To be able to anticipate the problems a user might have when following a tutorial shows a particular attention to detail not found in all tutorials.
If I had one problem with the tutorial as a whole, it was the use of images of the code instead of using a WordPress code plugin like WordPress Code Snippet or CodeHighlighter. Without a code plugin, I had to maneuver my browser and Adobe Dreamweaver so I could read the code in the tutorial from one side of my screen and type it into Dreamweaver on the other side.
While that extra bit of work could seem like a hinderance, I actually kind of appreciated it. When I come across tutorials with a code plugin, I usually follow the instructions, copy and paste the code, and move on. Actually typing the code for myself helped me understand the code if for no other reason than repetition. The more I type code, the more embeds in my brain.

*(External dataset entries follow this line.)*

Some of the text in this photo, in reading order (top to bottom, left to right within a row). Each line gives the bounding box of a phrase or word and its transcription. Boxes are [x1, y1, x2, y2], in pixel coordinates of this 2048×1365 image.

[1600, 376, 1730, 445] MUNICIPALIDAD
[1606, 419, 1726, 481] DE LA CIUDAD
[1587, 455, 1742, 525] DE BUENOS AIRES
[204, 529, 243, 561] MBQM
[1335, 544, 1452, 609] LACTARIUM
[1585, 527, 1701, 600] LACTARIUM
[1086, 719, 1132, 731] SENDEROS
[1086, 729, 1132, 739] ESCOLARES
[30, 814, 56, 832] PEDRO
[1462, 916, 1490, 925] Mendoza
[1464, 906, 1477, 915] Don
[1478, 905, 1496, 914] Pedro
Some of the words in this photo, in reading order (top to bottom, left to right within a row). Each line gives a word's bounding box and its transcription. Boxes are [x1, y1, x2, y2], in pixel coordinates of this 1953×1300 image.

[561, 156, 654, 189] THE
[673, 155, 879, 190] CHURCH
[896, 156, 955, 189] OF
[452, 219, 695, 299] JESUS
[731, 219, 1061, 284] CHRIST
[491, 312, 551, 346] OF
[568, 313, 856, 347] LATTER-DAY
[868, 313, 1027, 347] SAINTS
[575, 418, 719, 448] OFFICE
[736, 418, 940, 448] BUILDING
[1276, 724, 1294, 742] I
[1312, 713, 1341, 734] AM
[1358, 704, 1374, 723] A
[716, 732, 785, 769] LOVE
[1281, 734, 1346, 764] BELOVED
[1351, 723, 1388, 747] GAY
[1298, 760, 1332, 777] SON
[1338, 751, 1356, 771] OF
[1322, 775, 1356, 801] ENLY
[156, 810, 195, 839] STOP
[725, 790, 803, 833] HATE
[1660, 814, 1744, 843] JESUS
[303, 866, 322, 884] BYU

Broken into three easy steps denoted with subheads—HTML, CSS, and background image—the coding was done quickly and I understood why each step was taken and each line of code was written.
Regardless of anyone’s feelings about iframes or using photos instead of code plugins, I walked away from this tutorial with a nice looking iframed site in a matter of 15 minutes. If only every tutorial was that clear and helpful. I wonder if she thought my tutorial on an iPhone dropdown using Photoshop and JQuery is as helpful and clear?